Welcome to the take home portion of your interview! We're excited to jam through some technical stuff with you, but first it'll help to get a sense of how you work through data and coding problems. Work through what you can independently, but do feel free to reach out if you have blocking questions or problems.
-
This requires Postgres (9.4+) & Rails(4.2+), so if you don't already have both installed, please install them.
-
Download the data file from: https://github.com/gospotcheck/ps-code-challenge/blob/master/Street%20Cafes%202020-21.csv
-
Add a varchar column to the table called
category
. -
Create a view with the following columns[provide the view SQL]
- post_code: The Post Code
- total_places: The number of places in that Post Code
- total_chairs: The total number of chairs in that Post Code
- chairs_pct: Out of all the chairs at all the Post Codes, what percentage does this Post Code represent (should sum to 100% in the whole view)

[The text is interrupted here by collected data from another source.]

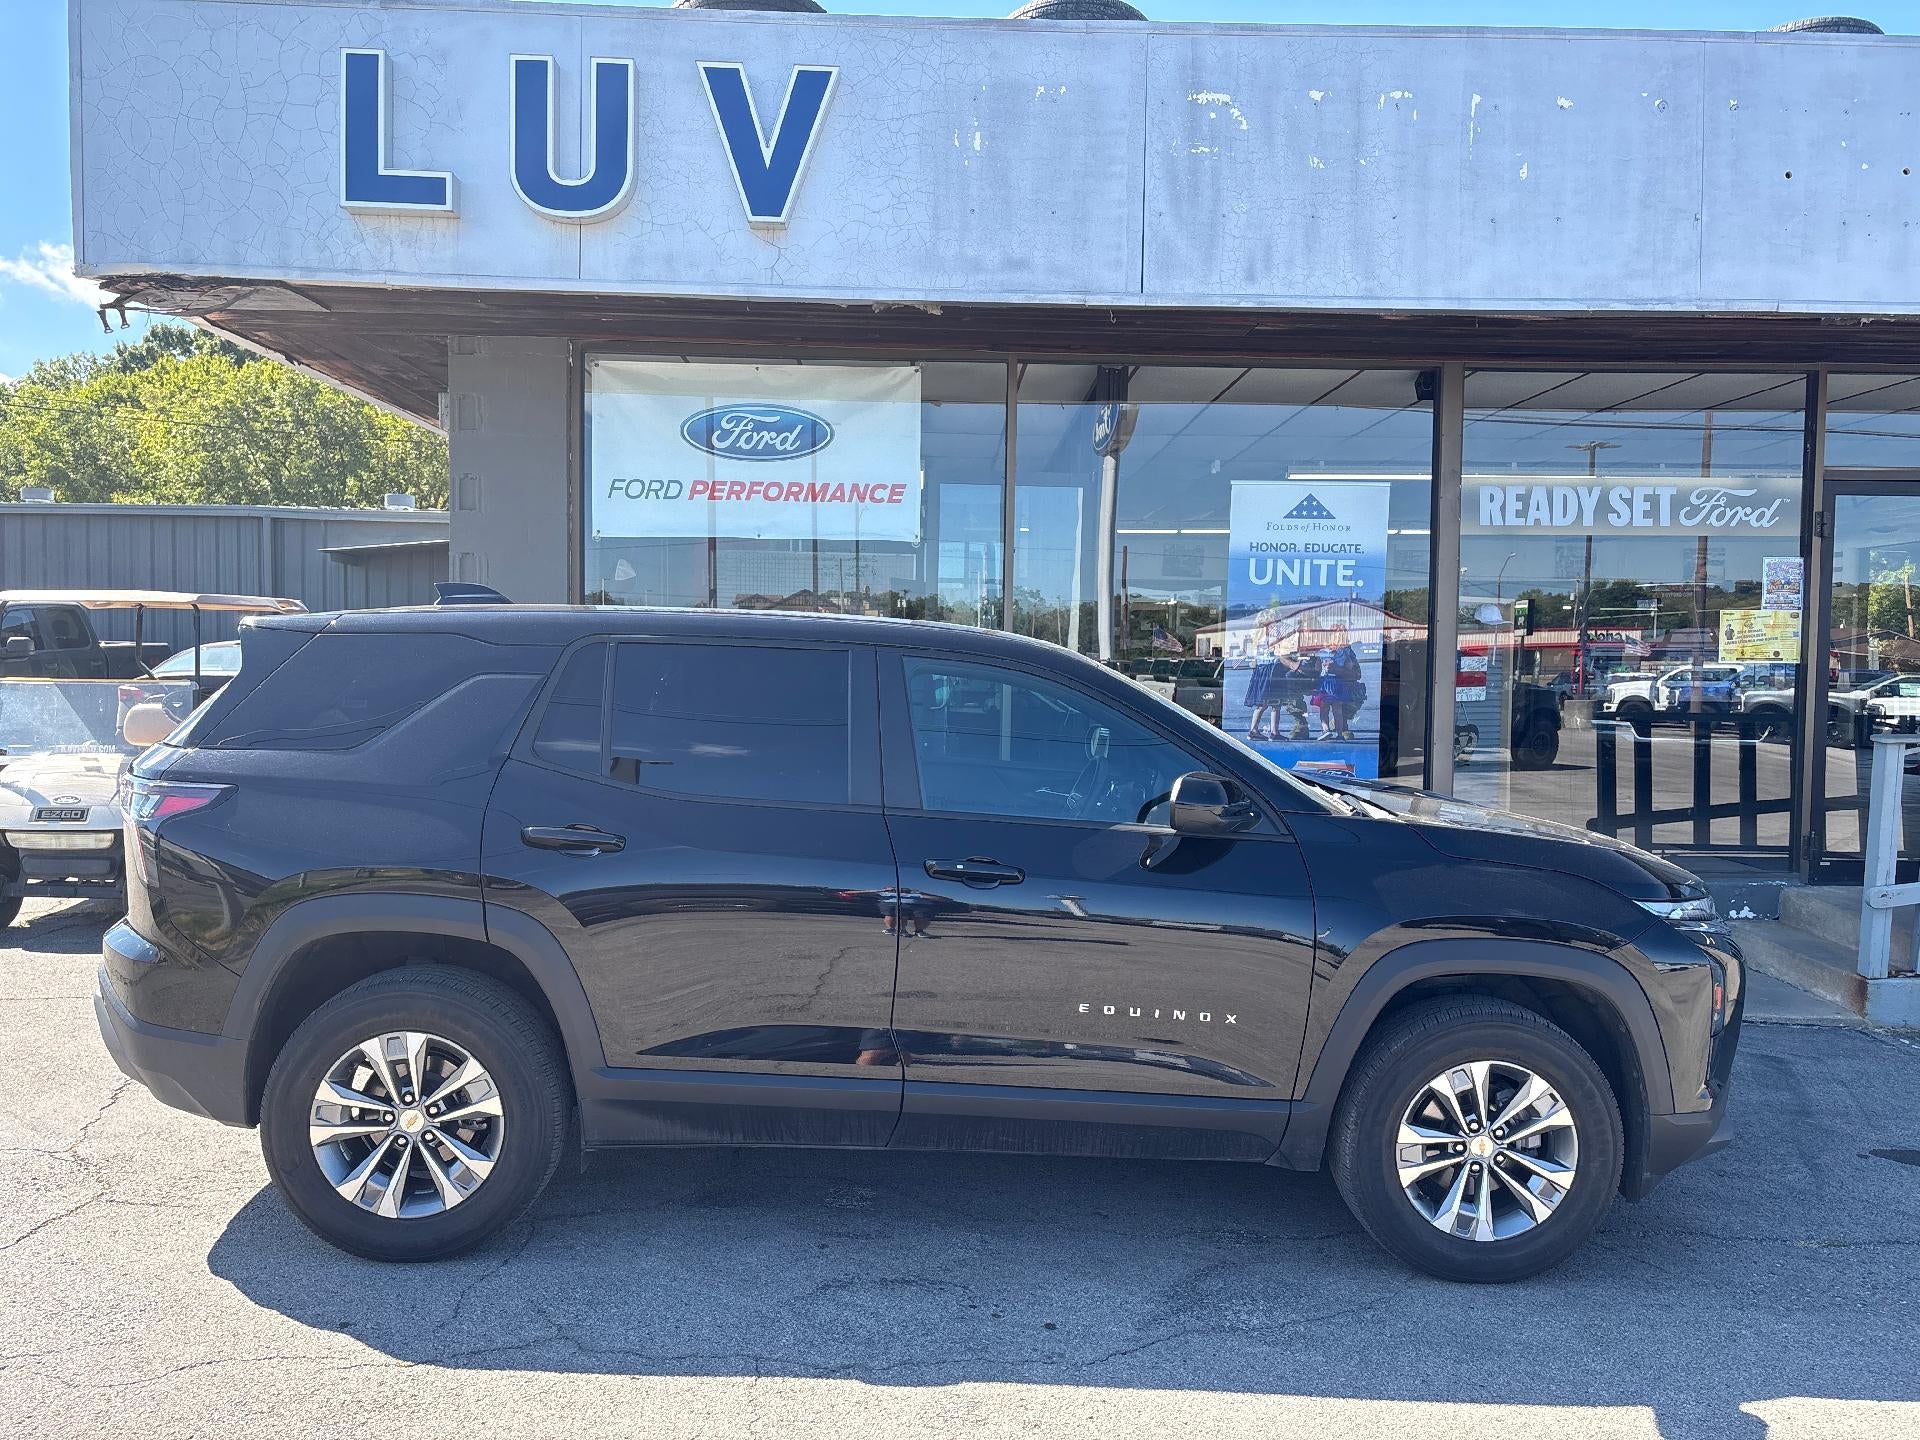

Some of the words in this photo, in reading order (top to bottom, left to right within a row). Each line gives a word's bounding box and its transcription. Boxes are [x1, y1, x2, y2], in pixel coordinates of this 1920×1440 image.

[340, 47, 840, 228] LUV
[711, 414, 803, 452] Ford
[607, 478, 683, 501] FORD
[688, 480, 907, 505] PERFORMANCE
[1479, 485, 1601, 527] READY
[1608, 486, 1677, 527] SET
[1678, 487, 1780, 529] Ford
[1301, 524, 1310, 532] of
[1250, 542, 1300, 553] HONOR.
[1304, 543, 1365, 554] EDUCATE.
[1248, 558, 1364, 587] UNITE.
[1079, 1003, 1237, 1024] EQUINOX

- place_with_max_chairs: The name of the place with the most chairs in that Post Code
- max_chairs: The number of chairs at the place_with_max_chairs
I took several steps to validate the results of this view.
First, I validated that the number of rows in the report matched the total number of rows when selecting distinct post codes from the cafes table, to ensure the query didn't result in any duplicate results.
Second, I validated that the count of place & sum of chairs per post code was accurate by comparing with standalone queries to return those results per post code.
Third, after writing the query to calculate chairs_pct, I used the entire view query as a subquery and summed the chairs_pct field to validate it equaled 100.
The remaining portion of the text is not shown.